Valerie Mattimore e John R. Battista dell'Università della Louisiana hanno suggerito che la radioresistenza dell'organismo sia, piuttosto, un effetto collaterale di una prolungata essiccazione cellulare. A supporto di questa ipotesi hanno eseguito un esperimento nel quale hanno dimostrato che ceppi mutanti del batterio, altamente suscettibili al danneggiamento radioattivo, risultano altrettanto suscettibili ai danni dovuti ad una prolungata essiccazione; mentre gli esemplari wild-type sono resistenti ad entrambe.[15] Inoltre, durante la riparazione del DNA, D. radiodurans utilizza una proteina chiamata LEA (Late Embryogenesis Abundant)[16] espressamente utilizzata per proteggere l'organismo dall'essiccazione.[17] Le analisi effettuate con microscopio elettronico a scansione mostrano, inoltre, che il DNA del batterio è organizzato in pacchetti toroidali molto compatti, che potrebbero rendere più agevole la riparazione del DNA.[18]

Un team di ricercatori croati e francesi ha bombardato con radiazioni il DNA del batterio per seguire in dettaglio il meccanismo di riparazione. Almeno due copie del genoma, che avevano subito interruzioni casuali nel DNA, hanno potuto riformare i frammenti di DNA mediante il processo di annealing. La sintesi di regioni omologhe del DNA avveniva successivamente a partire dai frammenti parzialmente sovrapposti attraverso la formazione di un D-loop che continuava ad estendersi fino al riconoscimento di sezioni complementari. Il processo si concludeva con il crossing-over tramite ricombinazione omologa RecA-dipendente.[19]

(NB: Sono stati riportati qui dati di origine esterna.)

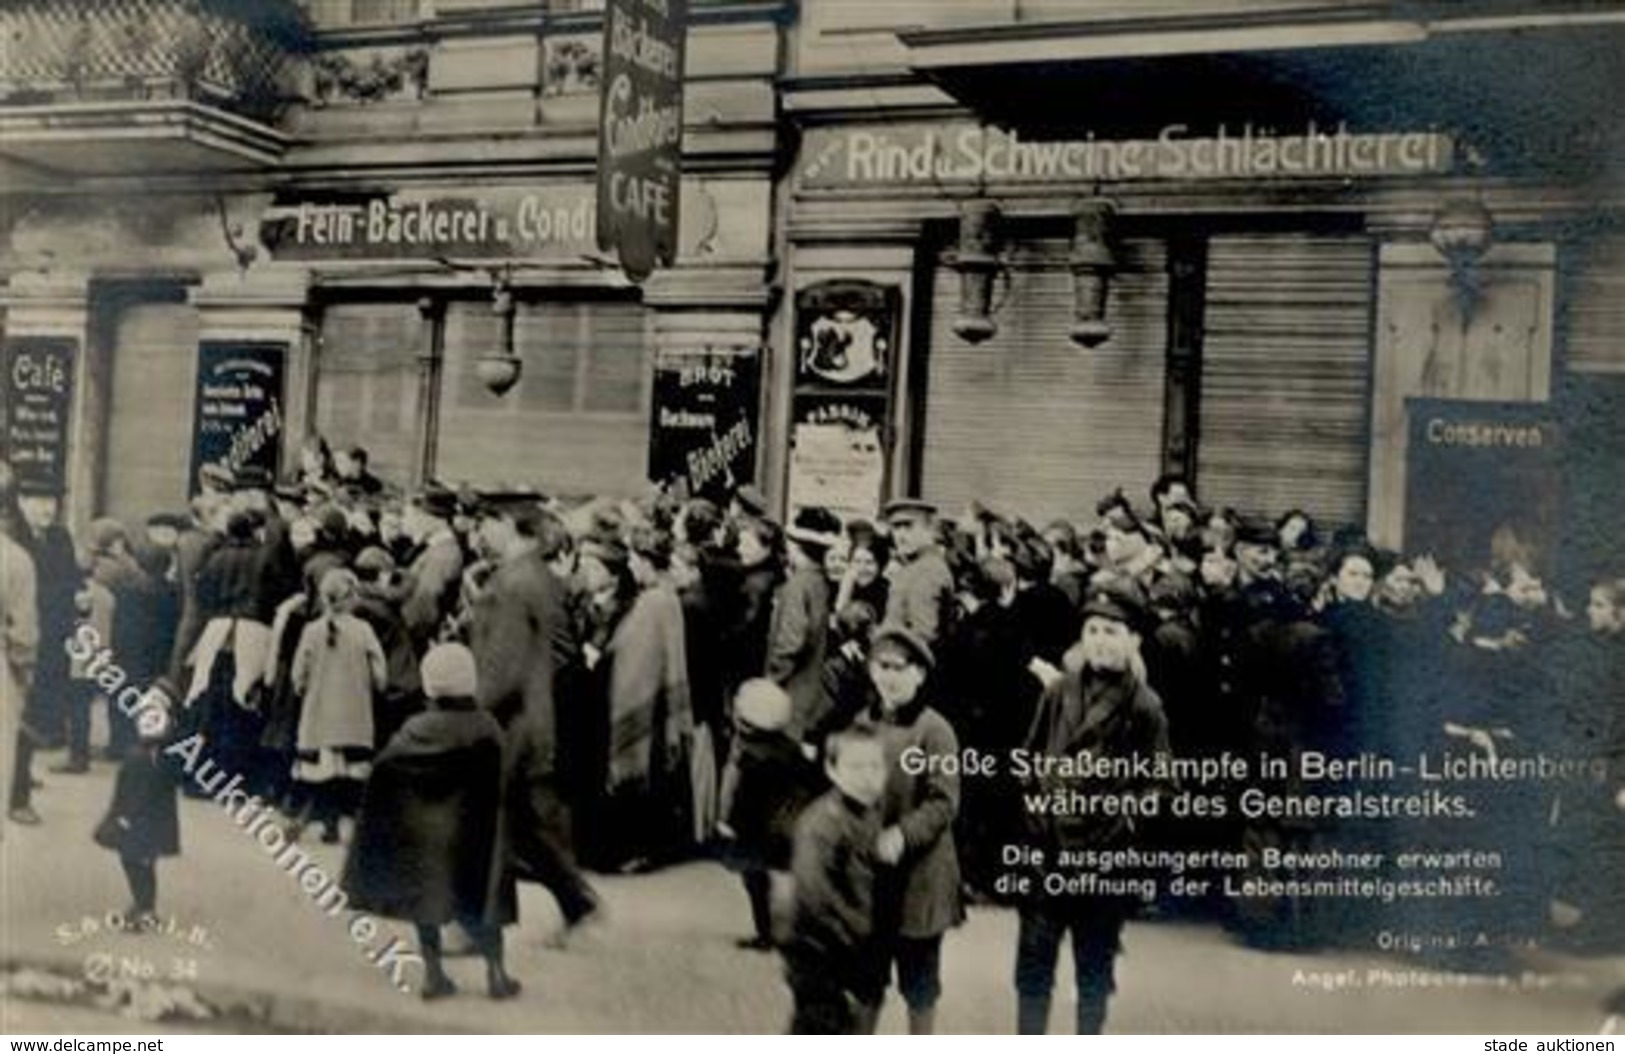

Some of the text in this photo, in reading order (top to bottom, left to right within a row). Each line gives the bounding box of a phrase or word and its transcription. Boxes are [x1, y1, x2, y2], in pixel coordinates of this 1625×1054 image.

[848, 131, 934, 180] Rind
[611, 172, 671, 224] CAFÉ
[1428, 418, 1542, 447] Conserven

Micheal Daly ha suggerito che il batterio utilizzi il manganese (Mn) quale antiossidante per proteggersi dai danni da radiazione.[20] Nel 2008 il suo team ha dimostrato che l'alto livello di Mn2+ intracellulare in D. radiodurans, protegge le proteine dai danni dovuti all'ossidazione per radiazione, e ha proposto l'idea che «è la proteina e non il DNA, il bersaglio principale dell'azione biologica [delle radiazioni ionizzanti] nei batteri sensibili, e l'estrema resistenza dei batteri che accumulano manganese dipende dalla protezione fornita a queste proteine».[21]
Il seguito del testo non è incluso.